Wednesday, August 28, 2013

Why the purpose of business isn't to satisfy customers

Over the decades, what society expected of business, what it thought as its purpose, has changed.

Way, way, back, during the time of Hudson's Bay Company, corporations were chartered (with a specific purpose like building a road and a sunset clause) to serve the public good (and often feed the coffers of the nation states that chartered them.)

By the time I was out of college, long gone was the focus on public good. In the 1970's it was vogue to say the purpose of business was to make money. (And I thought, huh? That's like thinking the purpose of living is to breathe... a requirement for existence but not much of a purpose!)

Then in the 1980's the quality revolution happened and suddenly all the gurus were saying that business was to serve customers: Edwards Deming, Philip Crosby, Tom Peters. "The customer is always right" became the mantra.

Courtesy stockimages,
Yes, business has to have customers and they need to make a profit. But is that really their PURPOSE? It seems so limiting to view it as such. If my job as the president of a company is to serve customers, then it begs the questions, Which customers? Which services?  AXIS Performance Advisors could have been flipping burgers or making dog food. But it matters what business you go into! What do YOU want to do in the world? Why do we as humans come together into organizations?

So let me offer a reframing. I think organizations are the primary way in our modern society that we ....

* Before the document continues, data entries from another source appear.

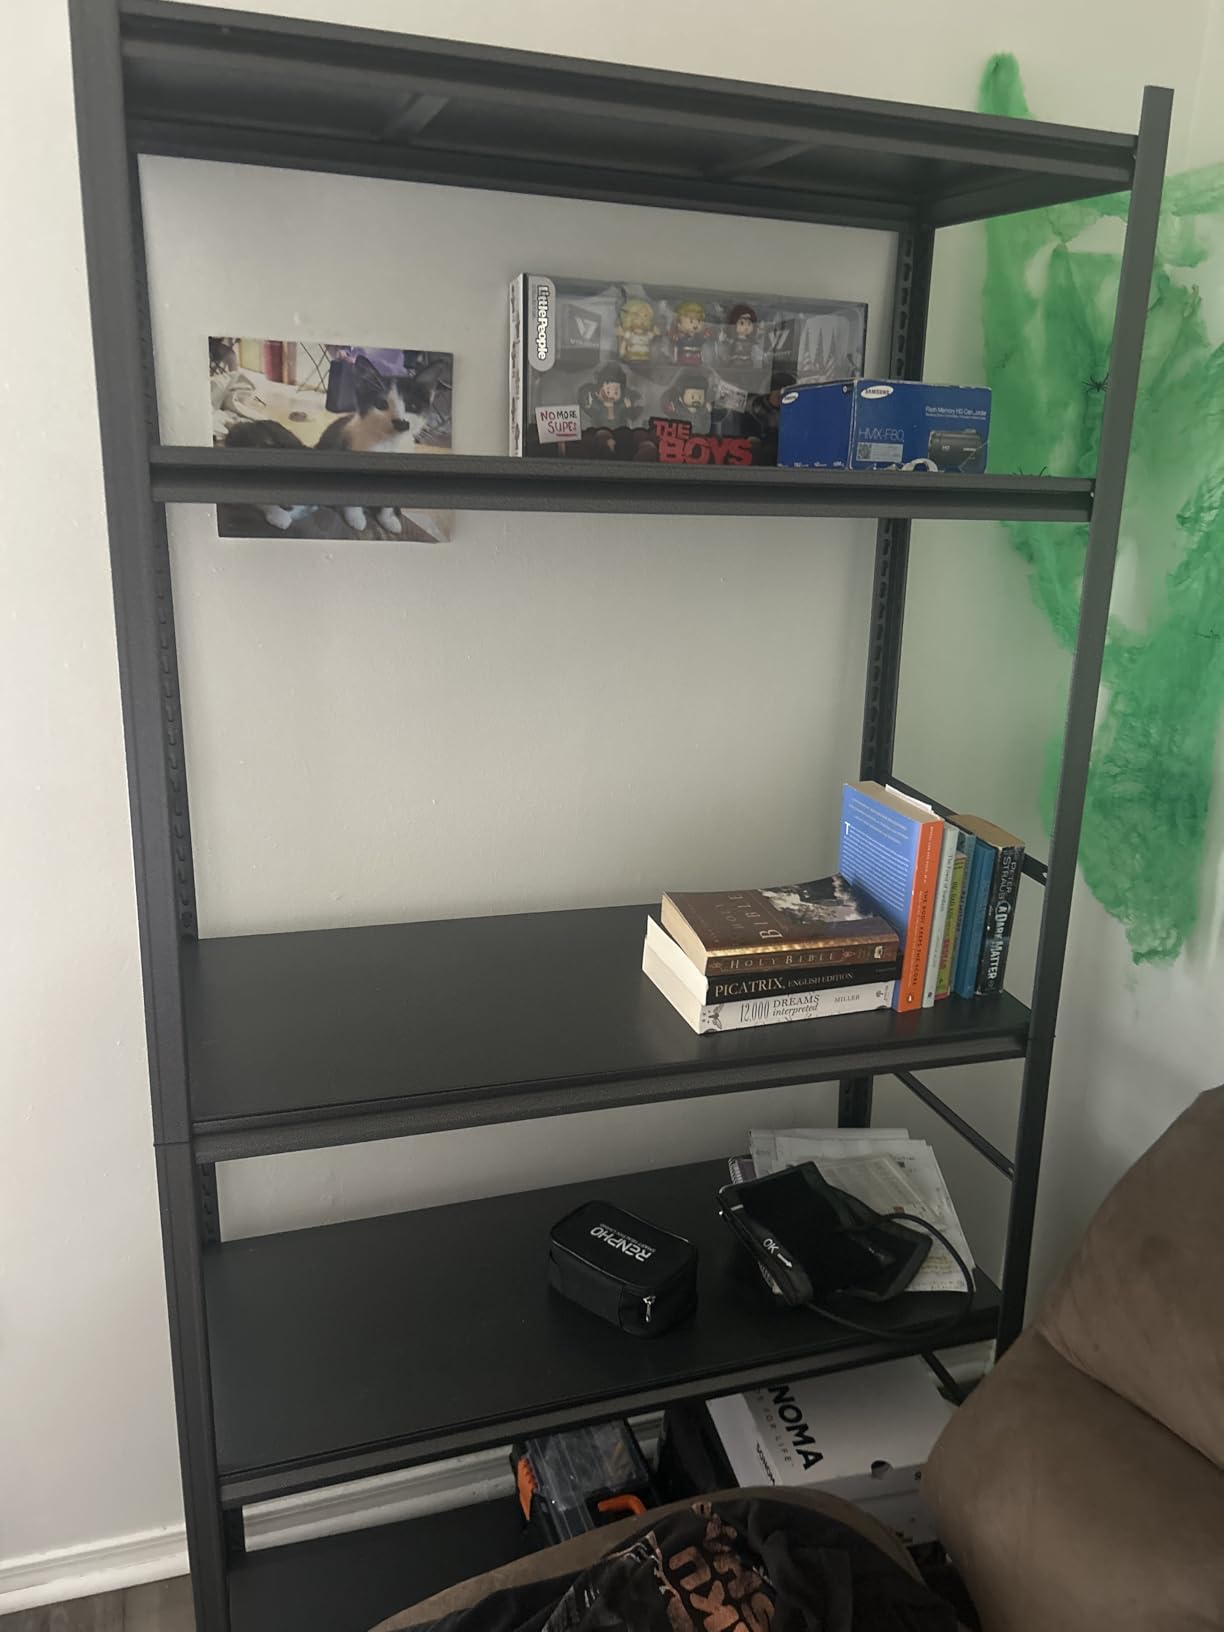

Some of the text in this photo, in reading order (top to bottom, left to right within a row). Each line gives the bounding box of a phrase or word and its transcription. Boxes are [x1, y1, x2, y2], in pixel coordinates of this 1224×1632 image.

[864, 388, 891, 396] SAMSUNG
[540, 409, 578, 421] NO MORE
[653, 418, 691, 440] THE
[658, 436, 753, 467] BOYS
[730, 949, 835, 969] HOLY BIBLE
[987, 940, 1004, 980] MATTER
[787, 976, 821, 989] ENGLISH
[821, 972, 853, 985] EDITION
[773, 994, 820, 1008] DREAMS
[834, 993, 860, 1004] MILLER
[772, 1003, 819, 1017] interpreted
[589, 1226, 653, 1262] RENPHO
[762, 1238, 780, 1255] OK
[767, 1385, 824, 1470] NOMA
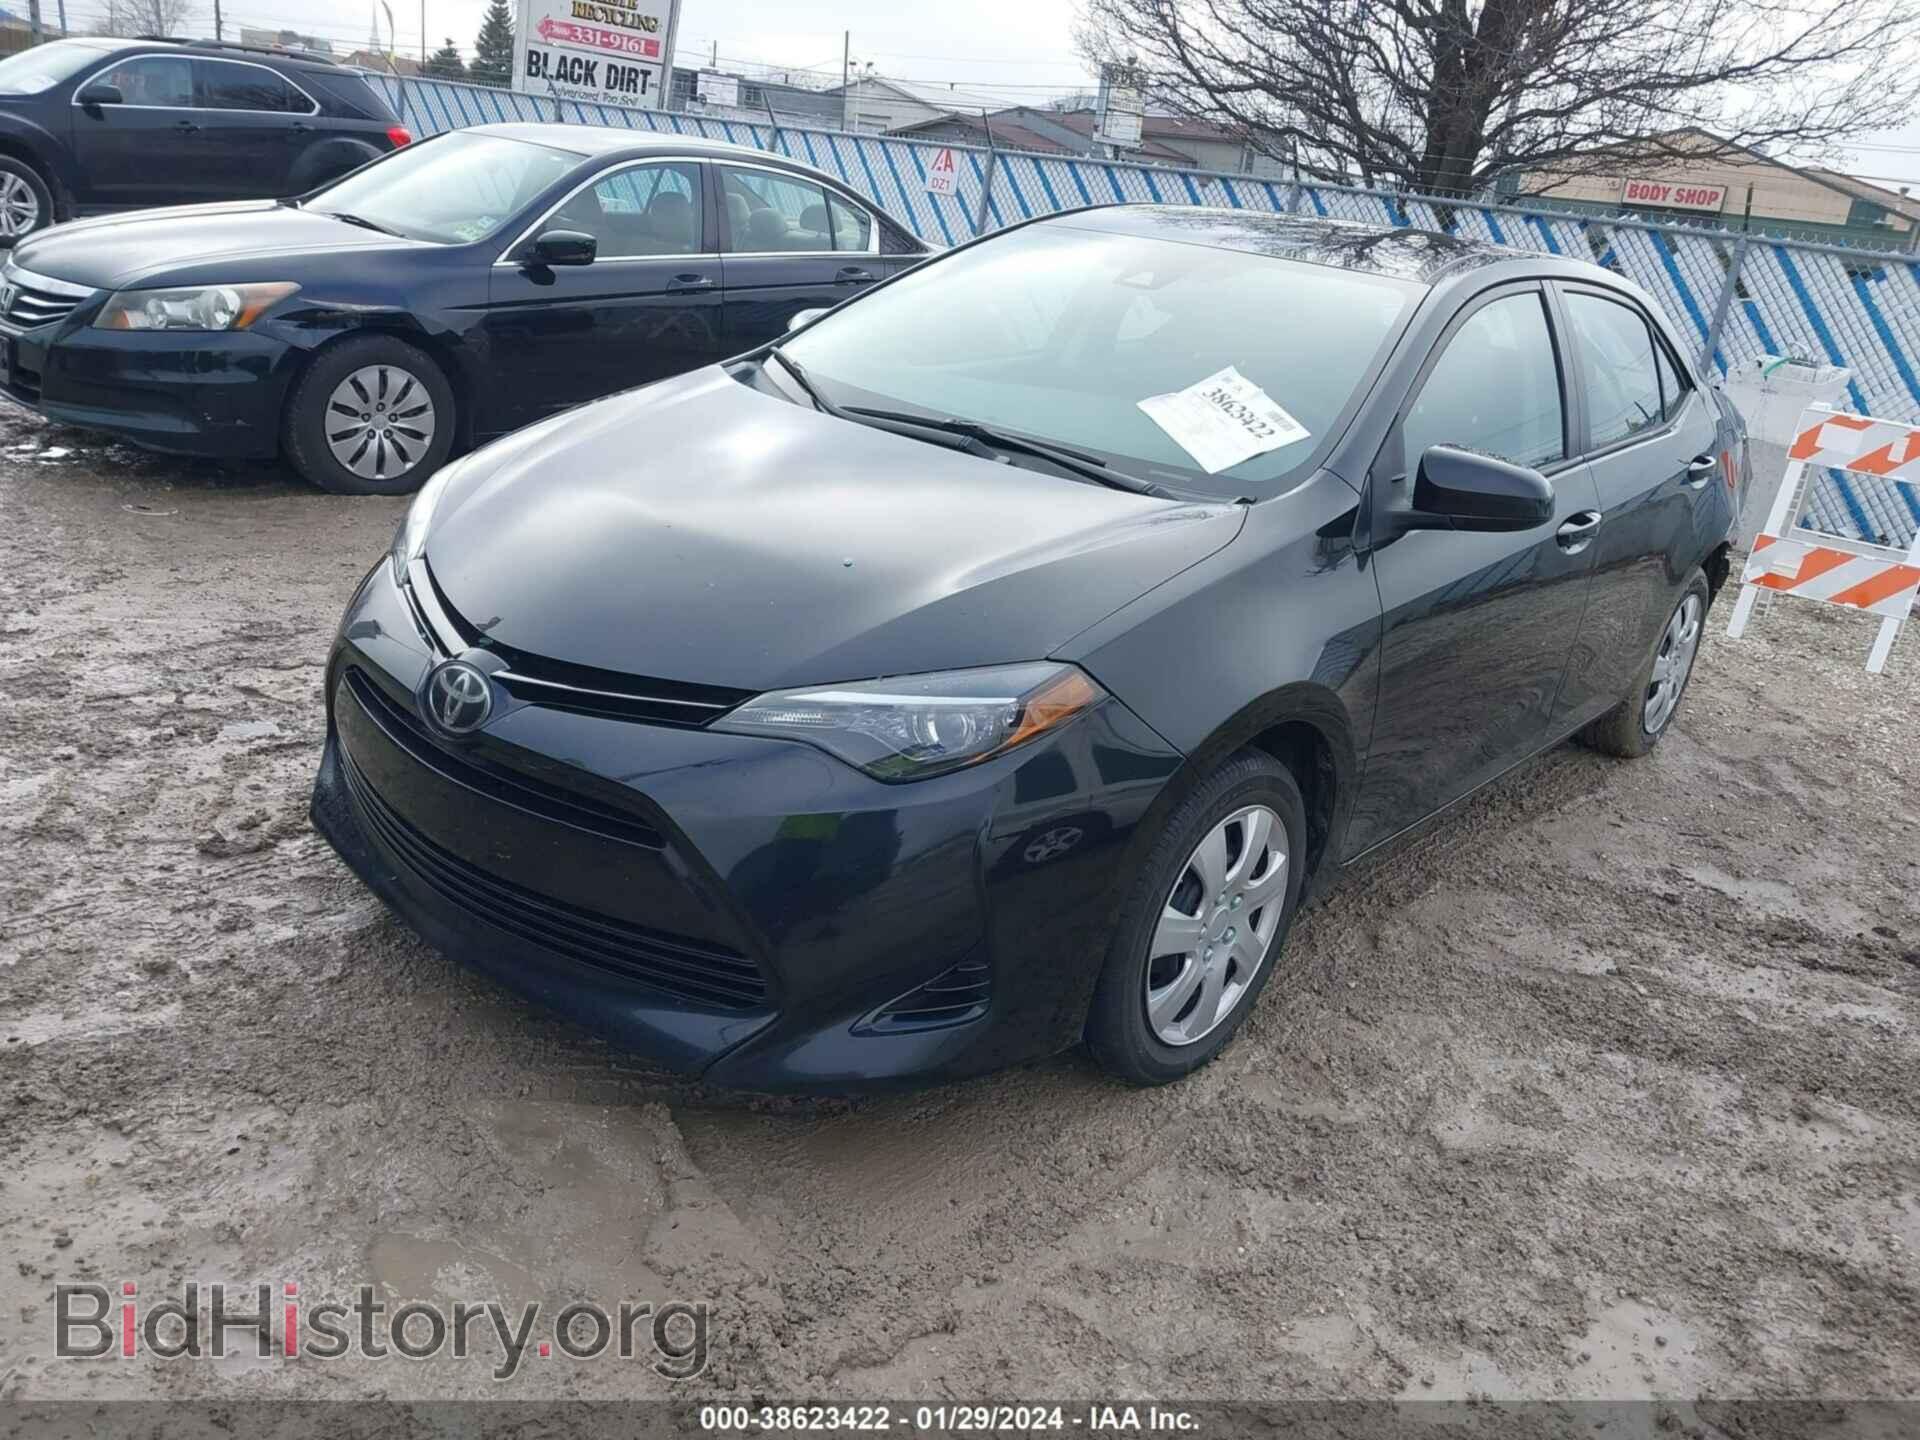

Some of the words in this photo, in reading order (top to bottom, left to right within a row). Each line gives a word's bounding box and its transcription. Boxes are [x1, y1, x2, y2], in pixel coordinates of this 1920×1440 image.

What does this reframing do?
  • It shifts the focus from customers to managers and employees—who are we, what are we good at, what do we love to do, what problems do we want to be part of solving. what do we want our legacy to be? At AXIS, Marsha Willard and I reinvented our focus about every decade, following our interests as we developed and grew. This is far more empowering and satisfying than viewing your job as life-long servitude to customers. 
  • It calls on business to serve the greater good—Goodness knows, we need a bit more ethics and morality in business these days after the Enron-Worldcom-LehmanBros-JunkMortgage-CreditDefaultSwap messes! Instead, calls for Conscious Capitalism are emerging, recognizing that society needs business to help solve the world's problems and business needs a moral underpinning to attract talent and customers alike.
  • It makes it easier to reinvent the business when things change—In today's fast paced world, entire industries come and go. Think about the video rental stores, now empty storefronts. But if you keep asking yourself, "What does the world need from us now?" it opens up new lines of business and avoids the stagnation trap so many successful organizations fall into. 
  • It makes it easier to collaborate—Too many organizations and executives want to control it ALL. Gobbling up competitors, moving into all territories, bankrupting local businesses. But this often leads to hubris and over-reach. Why can't we just do what we do in our own ecosystem and help others succeed in theirs? For example, at AXIS, we designed our products like S-CORE and SPaRK in a way that other sustainability consultants could use them and profit from them, while we got a bit of income along the way. 
  • It makes it easier to let organizations die a natural death—In today's world, organizations take on a life of their own, fighting to stay in business, sometimes outliving their usefulness. But if the organization is the way each of us in the organization offers our talents to society, then when we leave, perhaps the organization doesn't have to keep going. Maybe perpetual growth isn't the goal or even useful. I have seen too many non-profits and a number of for profits try to hang on way past their use-by date.
So is the purpose of business to earn profits? serve customers? or provide a venue for us to contribute to society? I guess you could argue any of them as the 'end' rather than the 'means.' It is in fact a circular argument: customers can lead to profits which can lead to work that contributes to society which then can lead to more customers and profits. But "can" doesn't necessarily mean "will." I believe the starting point in that circle—the 'end in mind'—matters. If you think your purpose is ultimately to make profits you will act in one way. If you think it is to serve customers, it will lead to some different behaviors. Or if you think it is to manifest our gifts to society, yet other outcomes. Which organization would you rather work for? Or lead?

Try putting up this assertion on the company bulletin board next to the coffee pot and see what happens:

The purpose of organizations is to provide a venue for each of us 
to offer our talents to contribute to society. 
So what does the world need from us now?